■ AVAILABLE RECORDS
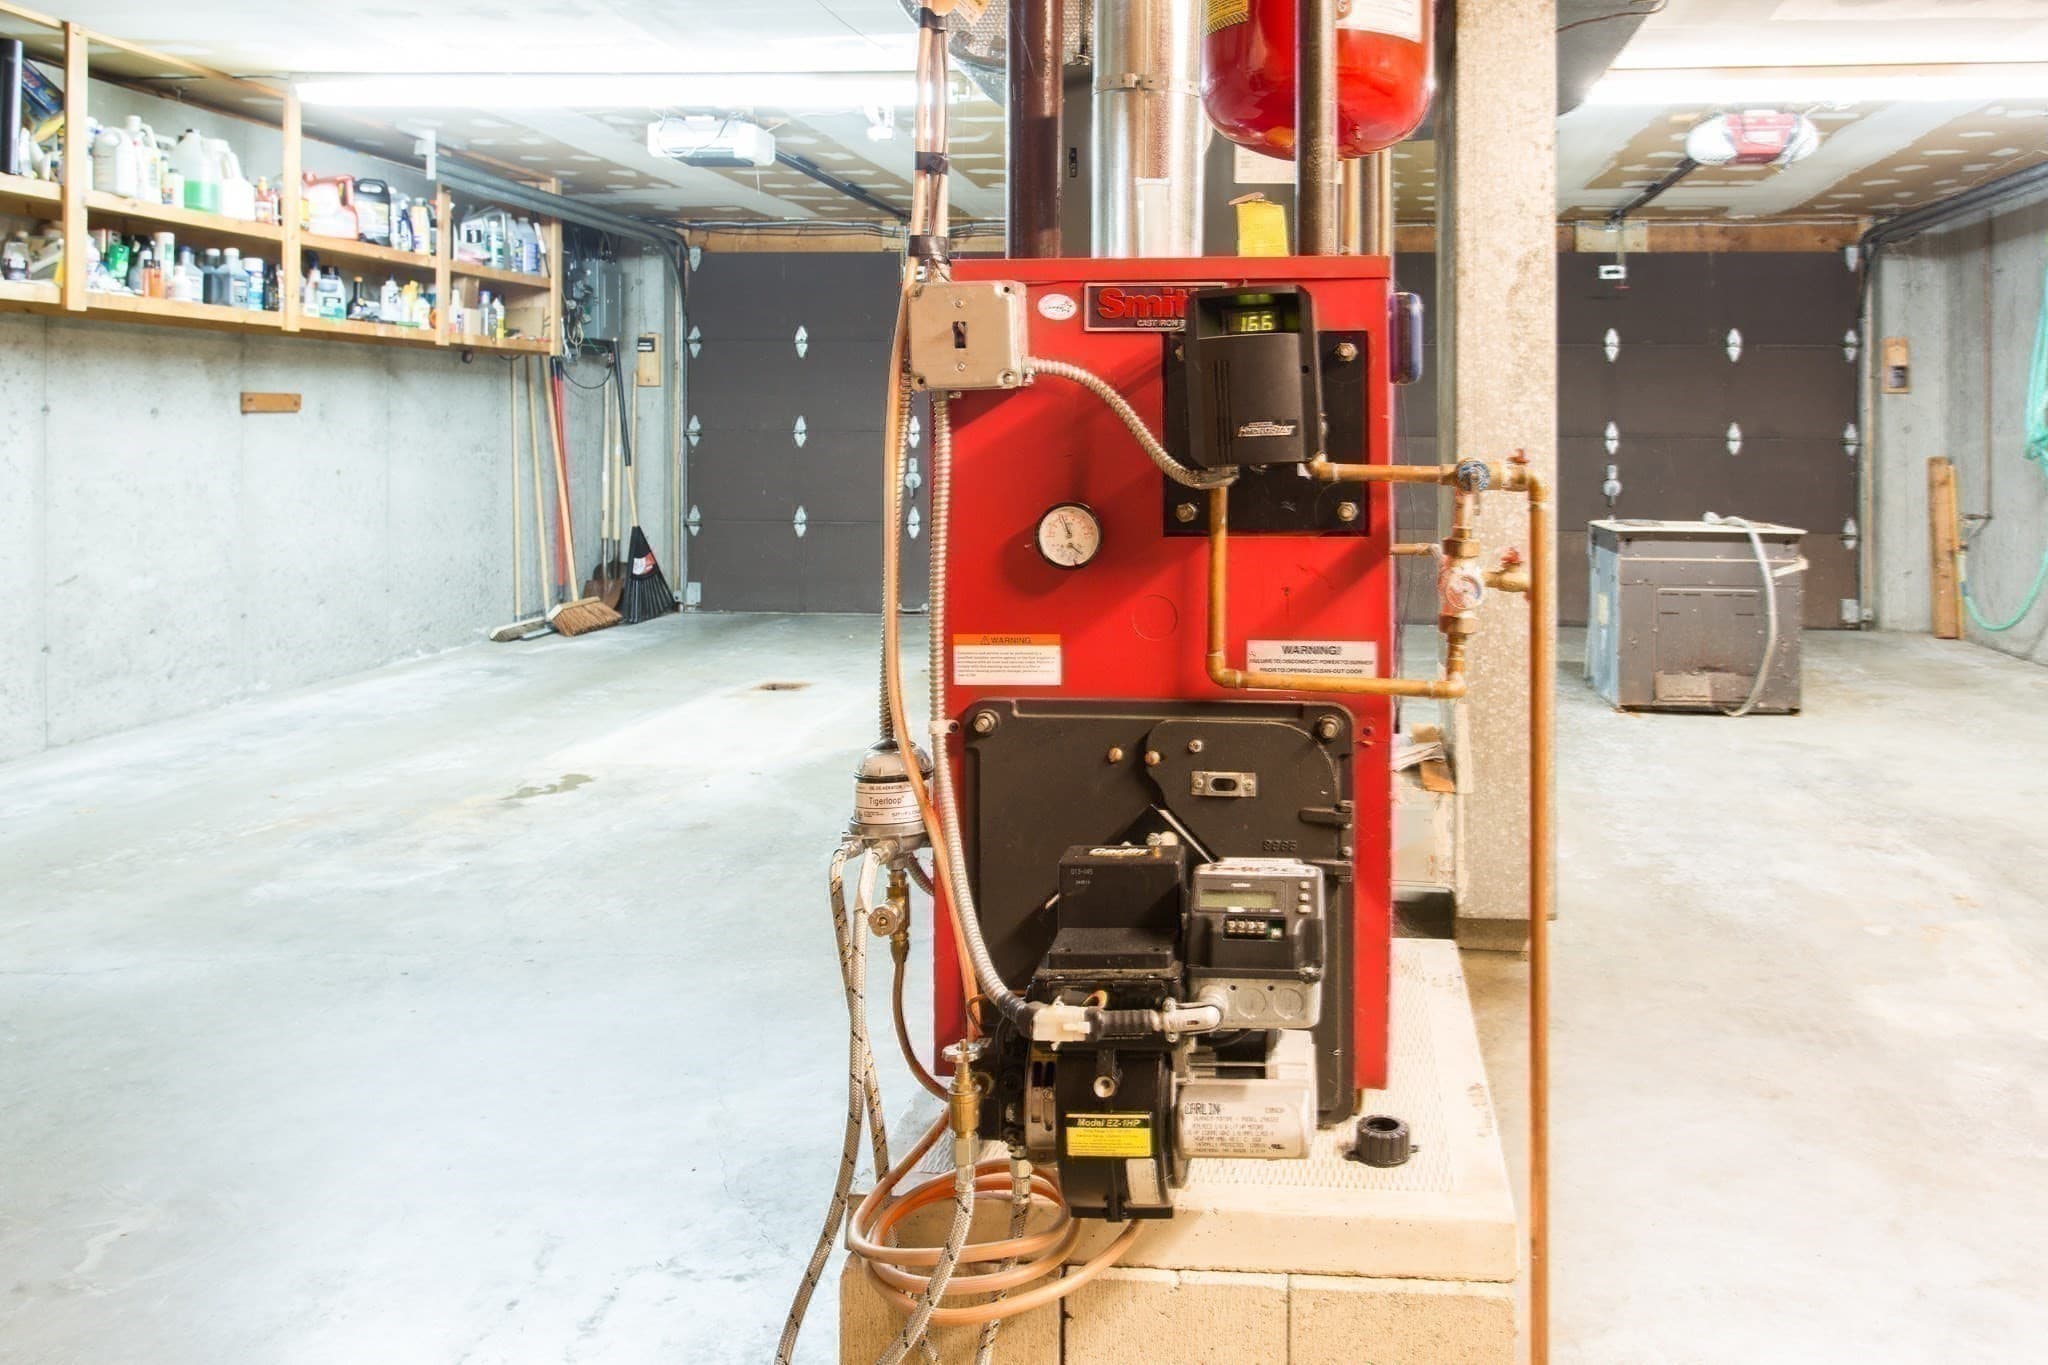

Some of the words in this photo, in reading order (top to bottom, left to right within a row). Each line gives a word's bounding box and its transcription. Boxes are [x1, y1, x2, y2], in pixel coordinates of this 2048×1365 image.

[1098, 287, 1196, 318] Smit
[1136, 319, 1157, 327] CAST
[1159, 319, 1180, 327] IRON
[1240, 314, 1274, 332] 166
[990, 636, 1032, 644] WARNING
[869, 796, 902, 807] Tigerloop
[1184, 1102, 1221, 1115] CARLIN
[1077, 1118, 1104, 1127] Model
[1106, 1119, 1142, 1127] EZ-1HP

■ REQUIREMENT
Repeat the entries exactly. Any picture is to be left out.

■ SOLUTION TO THE EXERCISE
Some of the words in this photo, in reading order (top to bottom, left to right within a row). Each line gives a word's bounding box and its transcription. Boxes are [x1, y1, x2, y2], in pixel coordinates of this 2048×1365 image.

[1098, 287, 1196, 318] Smit
[1136, 319, 1157, 327] CAST
[1159, 319, 1180, 327] IRON
[1240, 314, 1274, 332] 166
[990, 636, 1032, 644] WARNING
[869, 796, 902, 807] Tigerloop
[1184, 1102, 1221, 1115] CARLIN
[1077, 1118, 1104, 1127] Model
[1106, 1119, 1142, 1127] EZ-1HP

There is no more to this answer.